[WHAT THE EXERCISE ASKS]:
Make an exact copy of the listing, without images.

= = = =

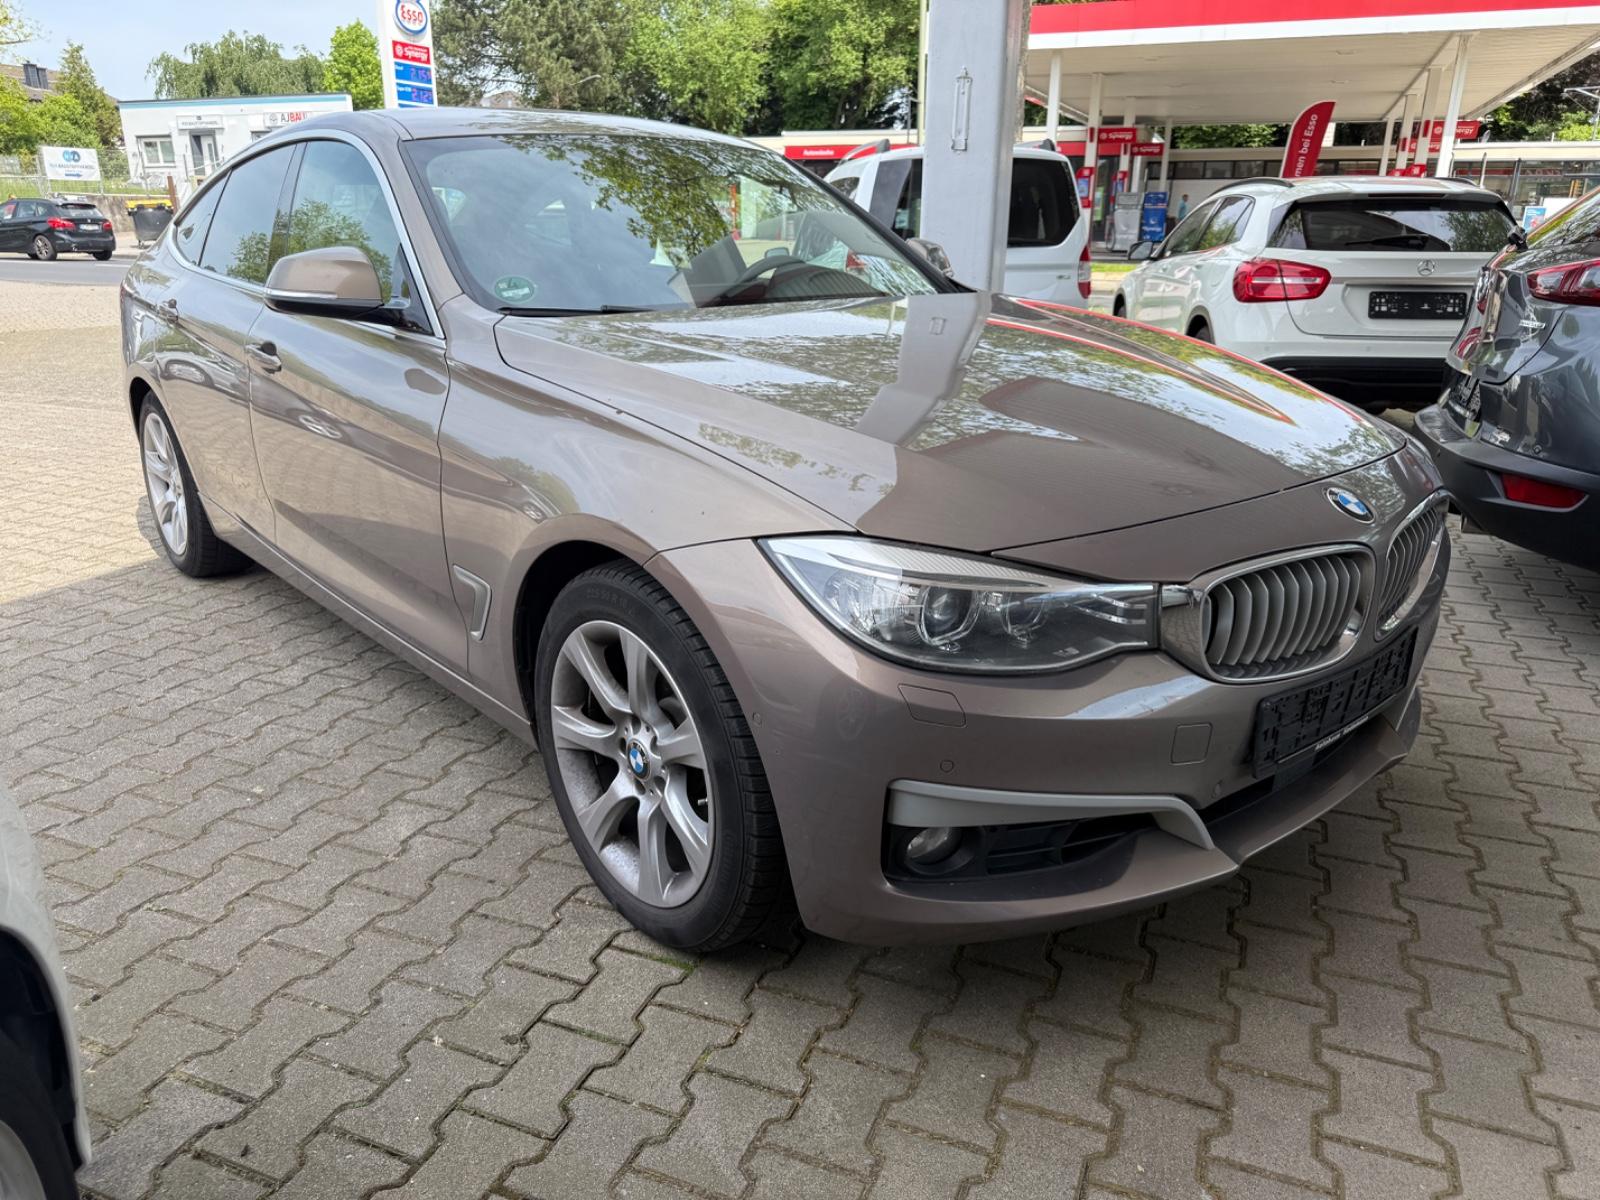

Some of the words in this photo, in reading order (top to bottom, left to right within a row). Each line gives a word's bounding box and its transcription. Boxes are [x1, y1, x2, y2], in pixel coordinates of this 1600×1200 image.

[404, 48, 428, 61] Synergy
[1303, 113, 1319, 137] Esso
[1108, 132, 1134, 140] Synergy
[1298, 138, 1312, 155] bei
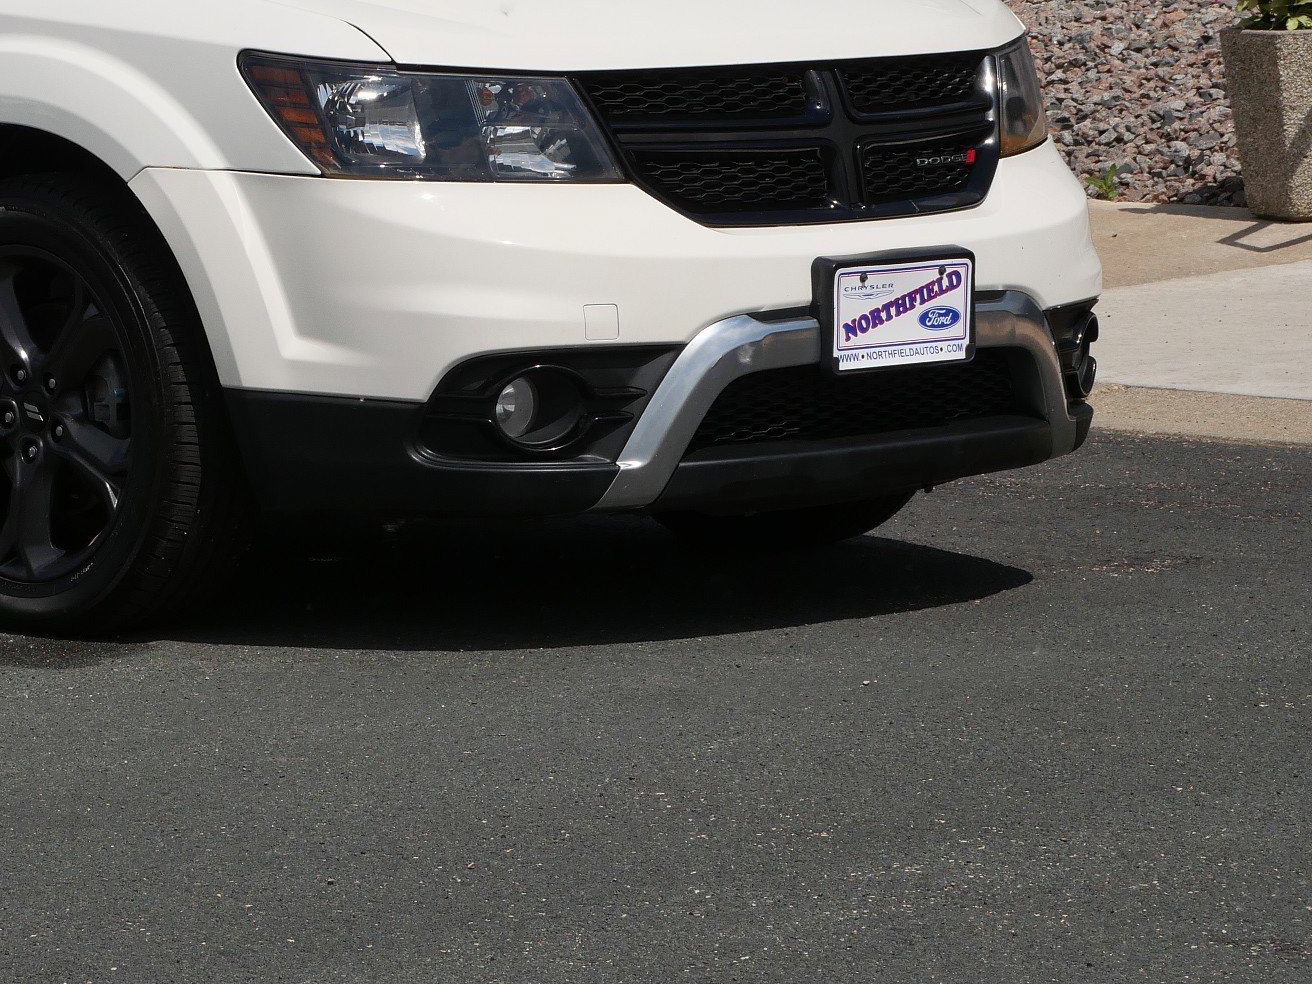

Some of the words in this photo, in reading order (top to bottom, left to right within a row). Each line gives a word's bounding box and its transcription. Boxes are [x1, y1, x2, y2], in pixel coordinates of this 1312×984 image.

= = = =

[THE COMPLETED TASK]:
Some of the words in this photo, in reading order (top to bottom, left to right within a row). Each line gives a word's bounding box and its transcription. Boxes are [x1, y1, x2, y2], in pixel coordinates of this 1600×1200 image.

[404, 48, 428, 61] Synergy
[1303, 113, 1319, 137] Esso
[1108, 132, 1134, 140] Synergy
[1298, 138, 1312, 155] bei

Some of the words in this photo, in reading order (top to bottom, left to right within a row). Each line gives a word's bounding box and its transcription. Boxes are [x1, y1, x2, y2], in pixel coordinates of this 1312×984 image.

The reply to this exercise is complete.